Turisti in vacanza in Europa: evitare Crocs e infradito di gomma
Anche questo consiglio mi trova d’accordo al cento per cento. Sarà che detesto le Crocs e che non sono in grado di camminare con un paio di infradito di plastica ma, a parte le opinioni personali, vedere in giro per le strade di Firenze o di Copenhagen qualcuno con un paio di ciabatte di gomma adatte per stare in casa o per andare in piscina mi farebbe quanto meno sorridere.

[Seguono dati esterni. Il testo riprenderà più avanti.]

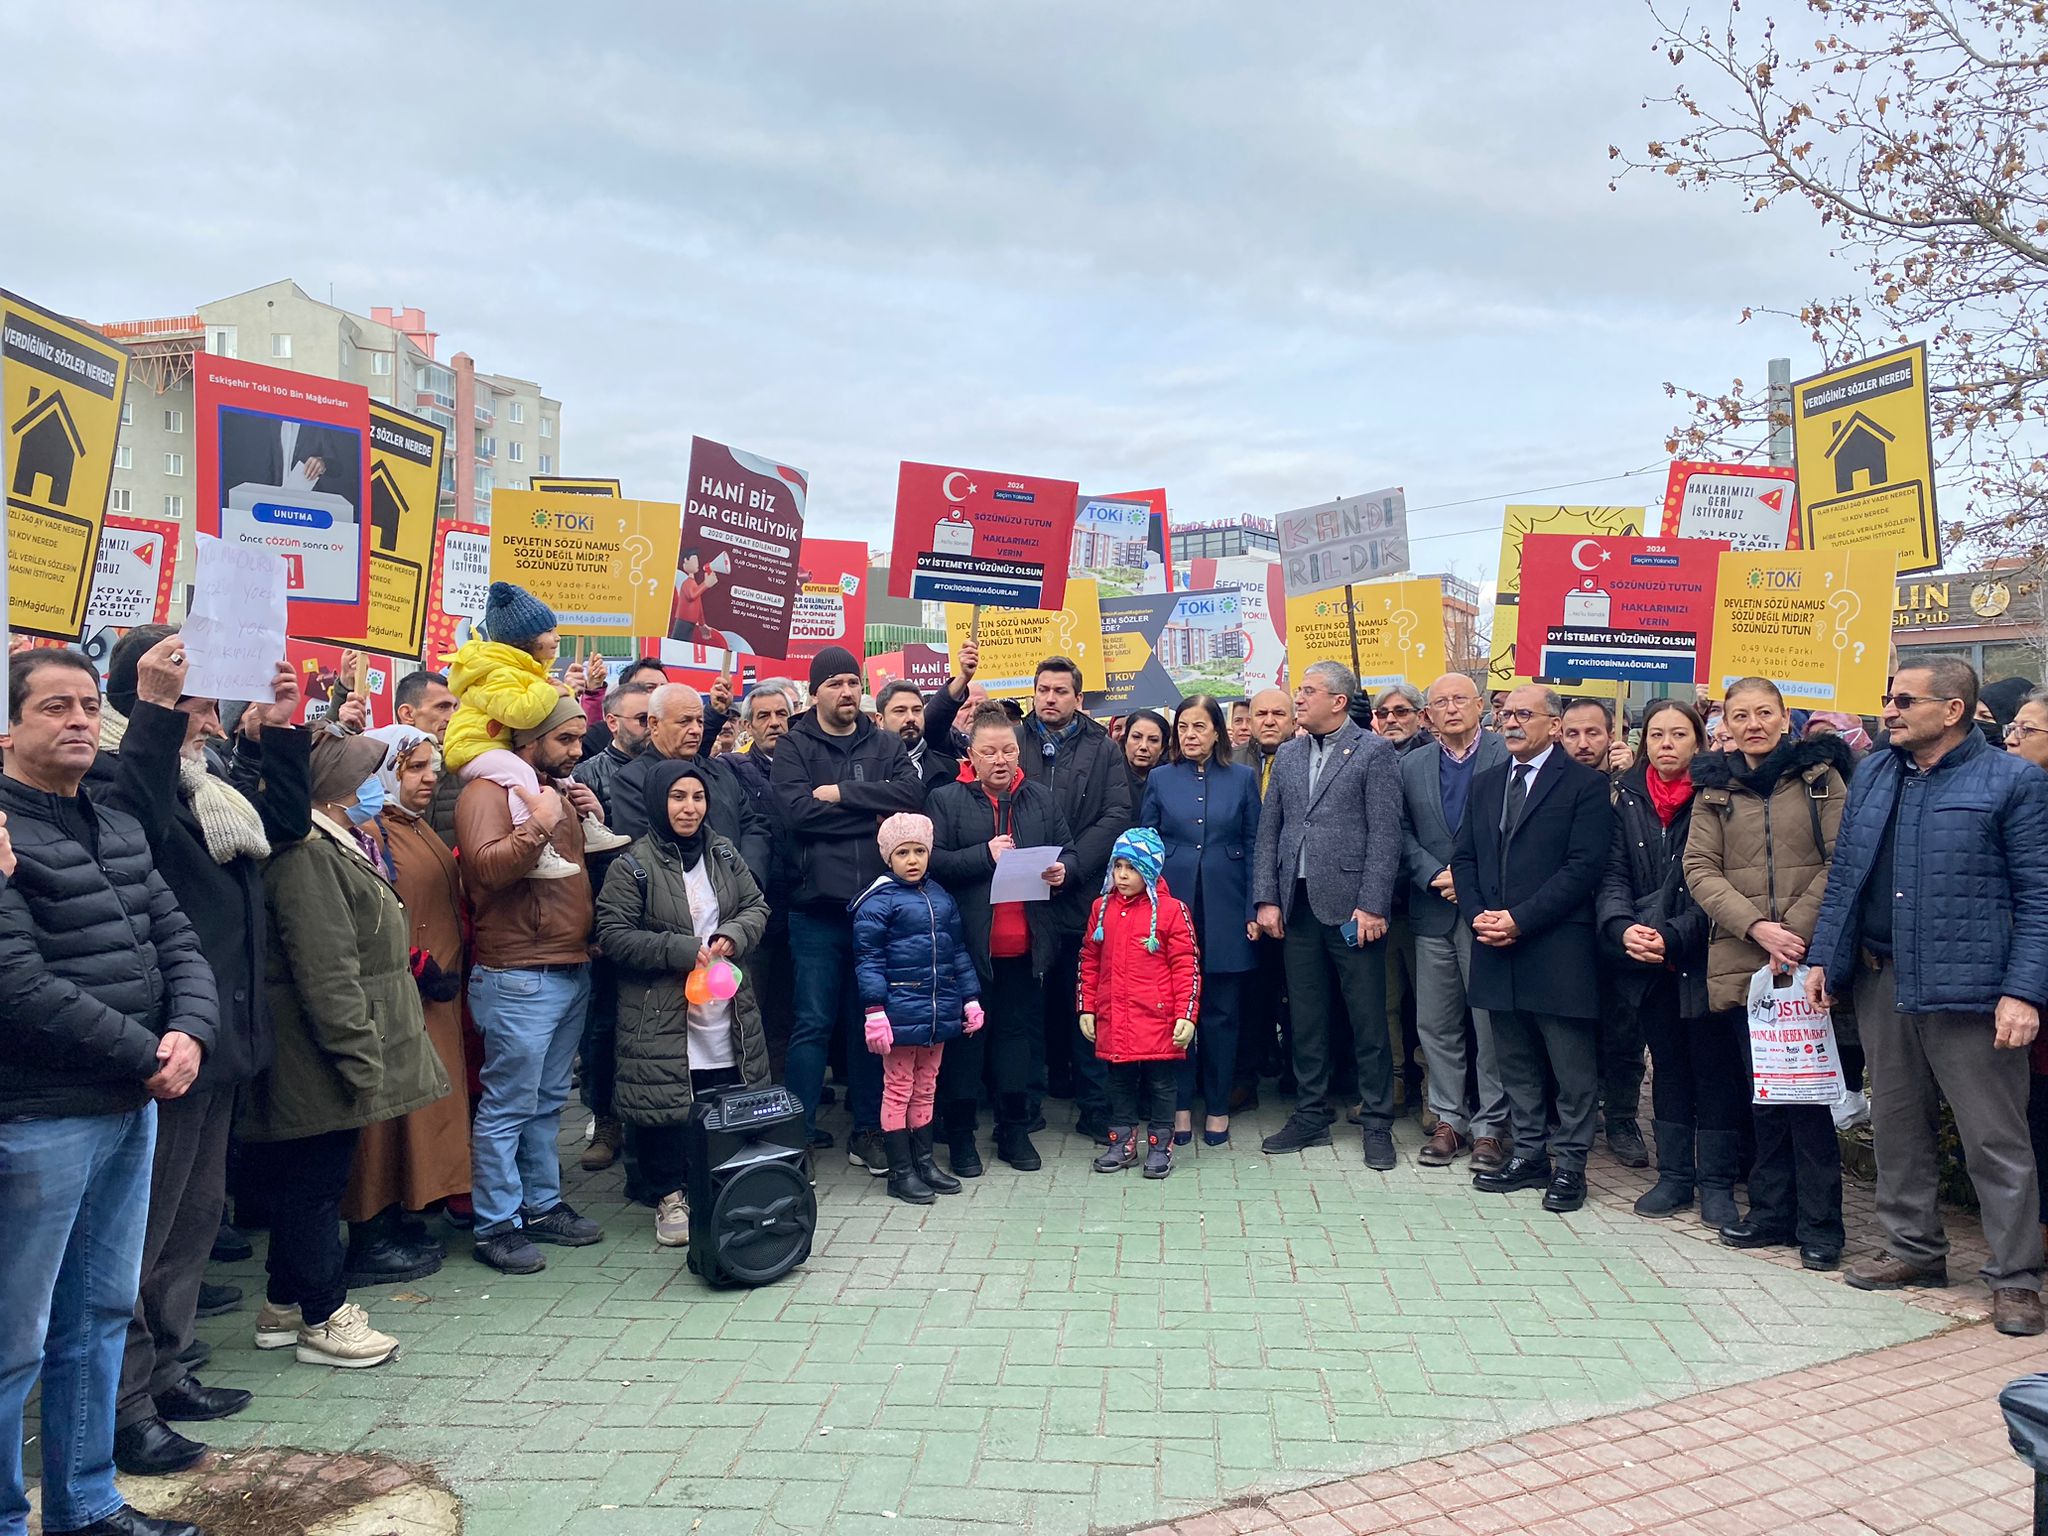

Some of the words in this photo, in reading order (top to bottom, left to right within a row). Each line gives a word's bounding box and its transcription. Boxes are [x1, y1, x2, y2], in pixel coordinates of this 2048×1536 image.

Forse gli stranieri in vacanza in Italia o in Europa in generale vogliono sentirsi super comfy, ma è meglio che sappiano che di solito non usciamo con le ciabatte. Non solo per una questione estetica, ma per un fatto di sicurezza: che protezione può dare un pezzo di plastica sottile mezzo centimetro che tiene “fermo” il piede grazie a due nastri che sembrano fatti di gomma da masticare?

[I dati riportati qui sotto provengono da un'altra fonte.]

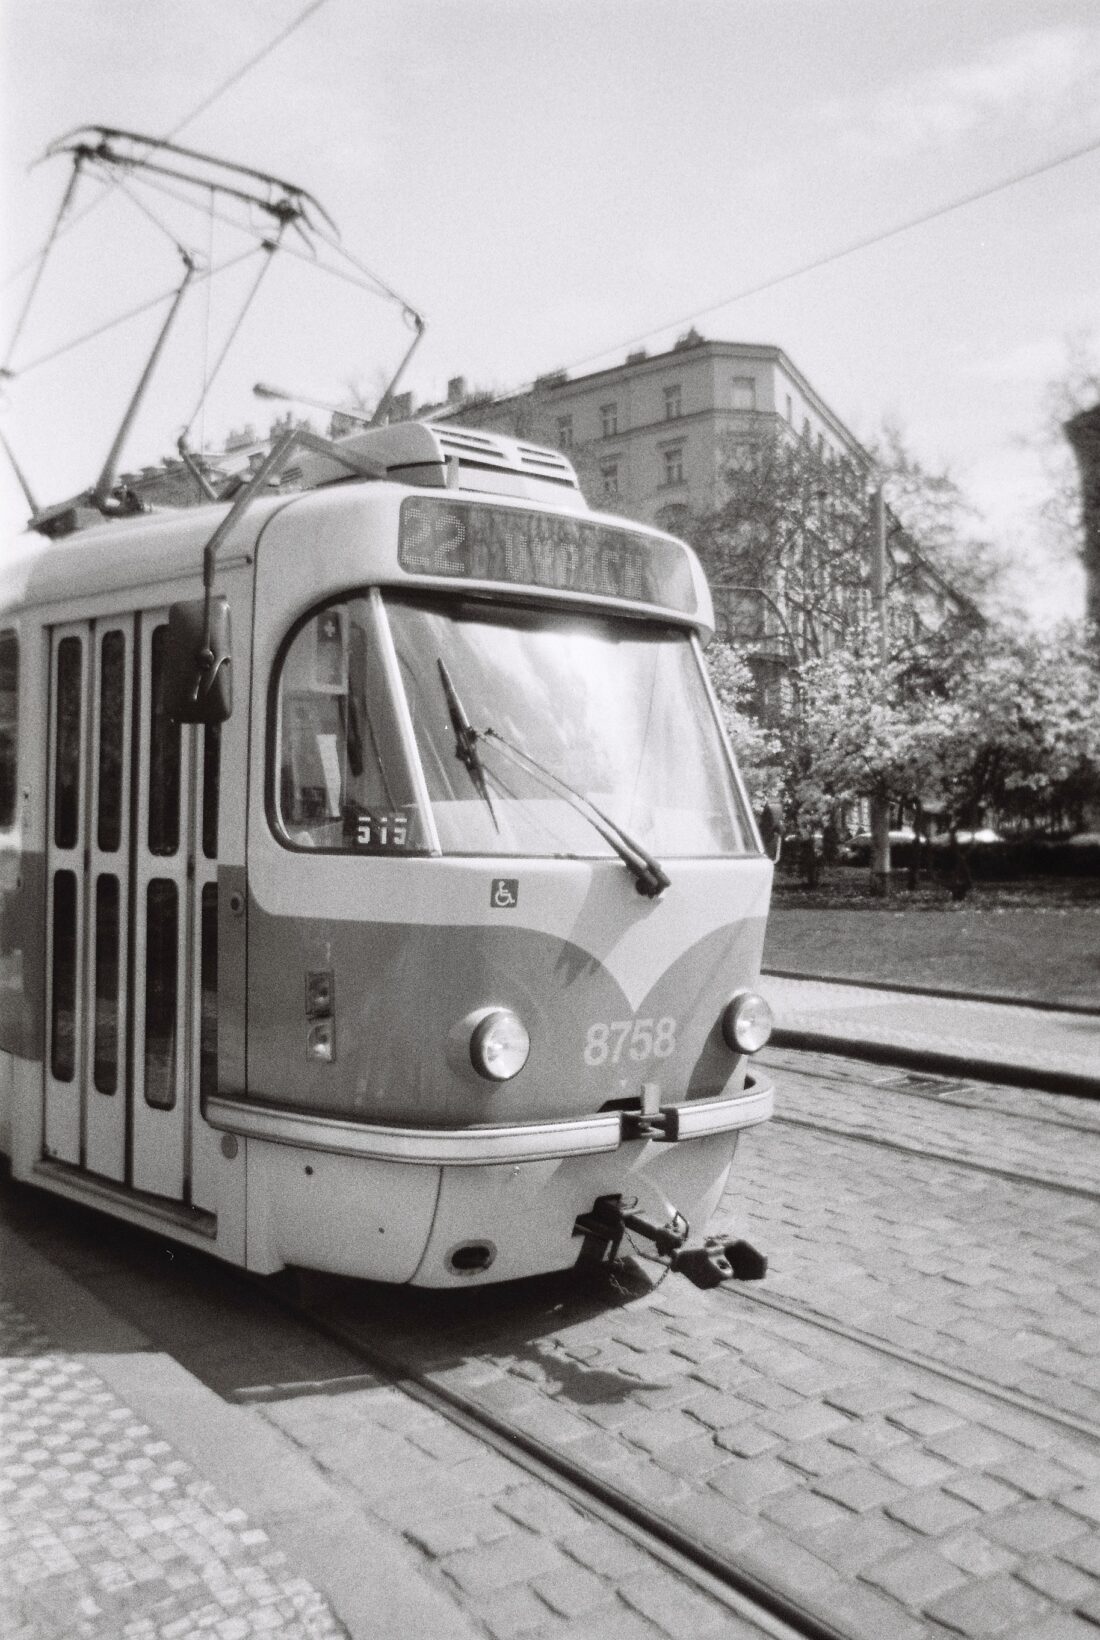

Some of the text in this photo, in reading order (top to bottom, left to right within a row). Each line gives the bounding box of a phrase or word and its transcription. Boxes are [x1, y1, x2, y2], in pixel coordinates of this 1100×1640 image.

[401, 507, 466, 573] 22
[357, 816, 408, 845] 515
[583, 1016, 677, 1066] 8758

Turisti in vacanza in Europa: evitare abbigliamento da montagna e leggings
Giacche antivento, scarponi da trekking e pantaloni zip off che con un colpo di cerniera diventano shorts: se dobbiamo andare al rifugio Genova va bene, ma se dobbiamo passeggiare lungo gli Champs-Élysées, allora no. Anche perché questo modello di pantalone è oggettivamente inguardabile. Il truffatore parigino che è alla ricerca della prossima vittima da ingannare al gioco delle tre carte saprà immediatamente chi prendere di mira.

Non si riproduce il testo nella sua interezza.